# [Task directions]
Print all entries below exactly as they appear.

# [Entries supplied]
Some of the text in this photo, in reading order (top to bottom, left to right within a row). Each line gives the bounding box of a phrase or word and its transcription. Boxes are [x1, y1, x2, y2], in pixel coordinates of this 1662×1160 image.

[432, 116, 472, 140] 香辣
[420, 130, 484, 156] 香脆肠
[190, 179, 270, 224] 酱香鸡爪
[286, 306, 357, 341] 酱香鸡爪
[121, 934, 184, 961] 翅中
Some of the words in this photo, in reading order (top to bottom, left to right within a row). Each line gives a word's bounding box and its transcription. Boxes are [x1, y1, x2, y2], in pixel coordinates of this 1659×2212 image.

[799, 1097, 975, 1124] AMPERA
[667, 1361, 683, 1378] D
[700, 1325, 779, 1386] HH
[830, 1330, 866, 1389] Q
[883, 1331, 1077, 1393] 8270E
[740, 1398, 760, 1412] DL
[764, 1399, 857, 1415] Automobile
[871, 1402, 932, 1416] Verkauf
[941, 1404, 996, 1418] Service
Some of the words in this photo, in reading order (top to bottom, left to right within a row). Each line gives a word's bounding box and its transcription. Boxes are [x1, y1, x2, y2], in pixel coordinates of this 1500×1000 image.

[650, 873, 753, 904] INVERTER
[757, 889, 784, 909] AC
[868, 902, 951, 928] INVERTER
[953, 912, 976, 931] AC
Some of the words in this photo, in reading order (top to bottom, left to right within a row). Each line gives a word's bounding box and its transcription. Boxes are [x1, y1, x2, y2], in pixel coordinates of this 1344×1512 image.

# [Solution below]
Some of the text in this photo, in reading order (top to bottom, left to right within a row). Each line gives the bounding box of a phrase or word and its transcription. Boxes are [x1, y1, x2, y2], in pixel coordinates of this 1662×1160 image.

[432, 116, 472, 140] 香辣
[420, 130, 484, 156] 香脆肠
[190, 179, 270, 224] 酱香鸡爪
[286, 306, 357, 341] 酱香鸡爪
[121, 934, 184, 961] 翅中
Some of the words in this photo, in reading order (top to bottom, left to right within a row). Each line gives a word's bounding box and its transcription. Boxes are [x1, y1, x2, y2], in pixel coordinates of this 1659×2212 image.

[799, 1097, 975, 1124] AMPERA
[667, 1361, 683, 1378] D
[700, 1325, 779, 1386] HH
[830, 1330, 866, 1389] Q
[883, 1331, 1077, 1393] 8270E
[740, 1398, 760, 1412] DL
[764, 1399, 857, 1415] Automobile
[871, 1402, 932, 1416] Verkauf
[941, 1404, 996, 1418] Service
Some of the words in this photo, in reading order (top to bottom, left to right within a row). Each line gives a word's bounding box and its transcription. Boxes are [x1, y1, x2, y2], in pixel coordinates of this 1500×1000 image.

[650, 873, 753, 904] INVERTER
[757, 889, 784, 909] AC
[868, 902, 951, 928] INVERTER
[953, 912, 976, 931] AC
Some of the words in this photo, in reading order (top to bottom, left to right within a row). Each line gives a word's bounding box and its transcription. Boxes are [x1, y1, x2, y2], in pixel coordinates of this 1344×1512 image.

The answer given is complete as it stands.